The above scenario sounds like something out of a stress dream. This is scenario that I have found myself in many times and I am sure that you will find yourself in at one point as well. The more comfortable you get with data analysis and asking good questions, the more guided and directed you can make these seemingly vague objectives.

10.2 Getting physical with the data

The data we used in both chapters one and two were curated from the annual census indicator release from BARI[^indicators]. This is the dataset from which acs_edu was created. We will use these data to provide relevant data relating to commuting in the Greater Boston Area. The first thing you’ll notice is that these data are large and somewhat unforgiving to work with. What a better way to get started than with big data?

We will be using the tidyverse to read in and manipulate our data (as we did last chapter). Recall that we will load the tidyverse using library(tidyverse).

Refresher: the tidyverse is a collection of packages used for data analysis. When you load the tidyverse it loads readr, ggplot2, and dplyr for us, among other packages. For now, though, these are the only relevant packages.

Load the tidyverse and uitk.

Wonderful! Once we have the data accessible from R, it is important to get familiar with what the data are. This means we need to know which variables are available to us and get a feel for what the values in those variables represent.

Try printing out the acs_raw object in your console.

acs_raw

Oof, yikes. It’s a bit messy! Not to mention that R did not even print out all of the columns. That’s because it ran out of room. When we’re working with wide data (many columns), it’s generally best to view only a preview of the data. The function dplyr::glimpse() can help us do just that. glimpse() provide a summary overview of a data frame. The output will first tell us how many rows and columns there are. Then, in order as appears in the object, prints the column name followed by its type—e.g. <dbl> , or <chr> for double and character—and the first few values of that column.

Provide acs_raw as the only argument to glimpse().

glimpse(acs_raw)

Much better, right? It is frankly still a lot of text, but the way it is presented is rather useful. Each variable is written followed by its data type, i.e. <dbl>, and then a preview of values in that column. If the <dbl> does not make sense yet, do not worry. We will go over data types in depth later. Data types are not the most fun and I think it is important we have fun!
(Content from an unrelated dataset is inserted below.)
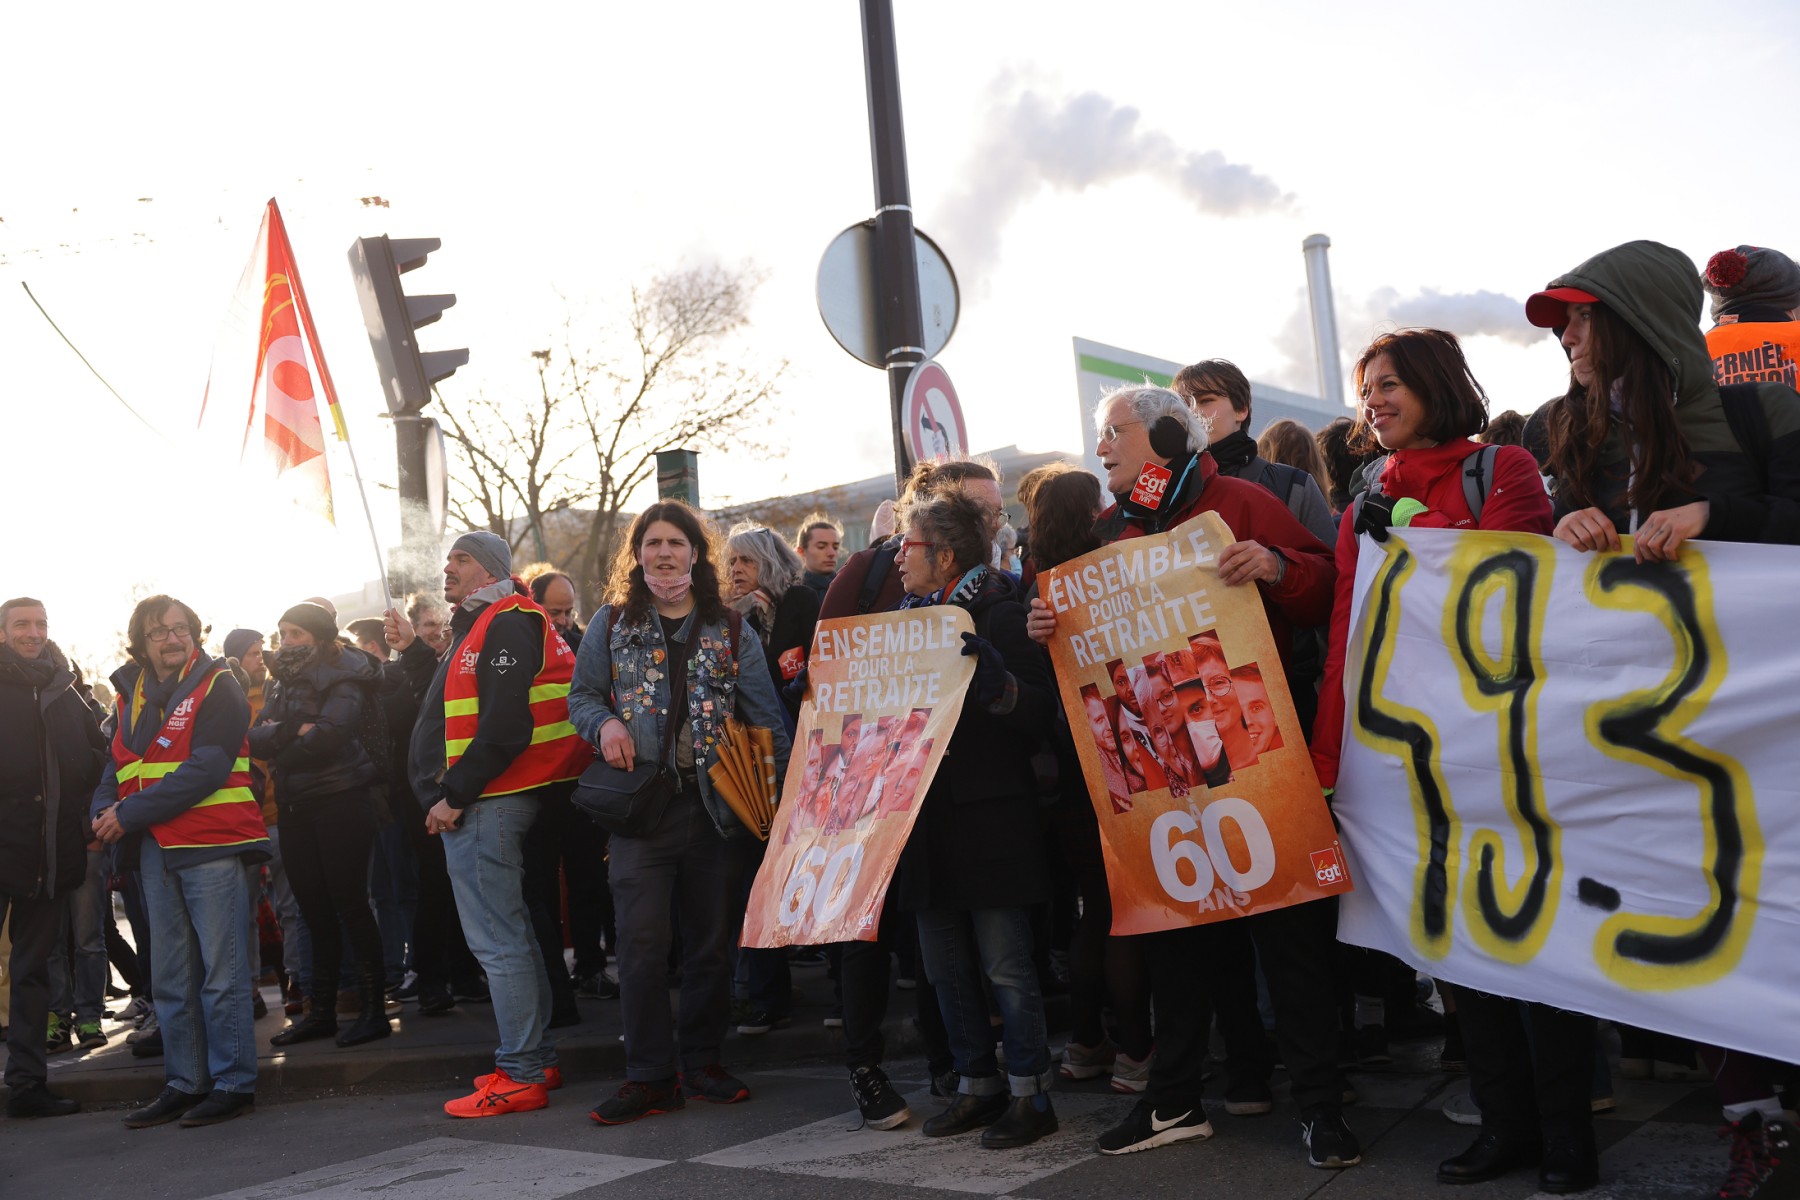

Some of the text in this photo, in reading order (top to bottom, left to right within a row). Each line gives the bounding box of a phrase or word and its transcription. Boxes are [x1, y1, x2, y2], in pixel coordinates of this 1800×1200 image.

acs_raw is the dataset from which acs_edu was created. As you can see, there are many, many, many different variables that the ACS data provide us with. These are only the tip of the iceberg.

Now have a think.

Looking at the preview of these data, which columns do you think will be most useful to the non-profit for understanding commuter behavior? “All of them” is not always the best answer. By providing too much data one may be moved to inaction because they now must determine what variables are the most useful and how to use them.

If you spotted the columns commute_less10, commute1030, commute3060, commute6090, and commute_over90, your eyes and intuition have served you well! These variables tell us about what proportion of the sampled population in a given census tract have commute times that fall within the indicated duration range, i.e. 30-60.

10.2.1 select()ing

So now we have an intuition of the most important variables, but the next problem soon arises: how do we isolate just these variables? Whenever you find yourself needing to select or deselect columns from a tibble dplyr::select() will be the main function that you will go to. select() selects variables from a tibble and returns another tibble.
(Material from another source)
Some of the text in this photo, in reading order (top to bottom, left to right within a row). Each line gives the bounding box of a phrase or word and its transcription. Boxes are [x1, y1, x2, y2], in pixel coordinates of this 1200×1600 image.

Before we work through how to use select(), refer to the help documentation and see if you can get somewhat of an intuition by running ?select() into the console. Once you press enter, the documentation page should pop up in RStudio.

There are a few reasons why I am directing you towards the function documentation.

  1. To get you comfortable with navigating the RStudio IDE.
  2. Expose you to the R vocabulary.
  3. Soon you’ll be too advanced for this book and will have to figure out the way functions work on your own!

Perhaps the help documentation was a little overwhelming and absolutely confusing. That’s okay. It’s just an exposure! With each exposure things will make more sense. Let’s tackle these arguments one by one.

.data: A tbl. All main verbs are S3 generics and provide methods for tbl_df(), dtplyr::tbl_dt() and dbplyr::tbl_dbi().

What I want you to take away from this argument definition is “A tbl.” Whenever you read tbl think to your self “oh, that is just a tibble.” If you recall, when we read rectangular data with readr::read_csv() or any other readr::read_*() function we will end up with a tibble. To verify that this is the case, we can double check our objects using the function is.tbl(). This function takes an object and returns a logical value (TRUE or FALSE) if the statement is true. Let’s double check that acs_raw is in fact a tbl.

is.tbl(acs_raw)
#> [1] TRUE

Aside: Each object type usually has a function that let’s you test if objects are that type that follow the structure is.obj_type() or the occasional is_obj_type(). We will go over object types more later.

We can read the above as if we are asking R the question “is this object a tbl?” The resultant output of is.tbl(acs_raw) is TRUE. Now we can be doubly confident that this object can be used with select().

The second argument to select() is a little bit more difficult to grasp, so don’t feel discouraged if this isn’t clicking right away. There is a lot written in this argument definition and I feel that not all of it is necessary to understand from the get go.

...: One or more unquoted expressions separated by commas. You can treat variable names like they are positions, so you can use expressions like x:y to select ranges of variables.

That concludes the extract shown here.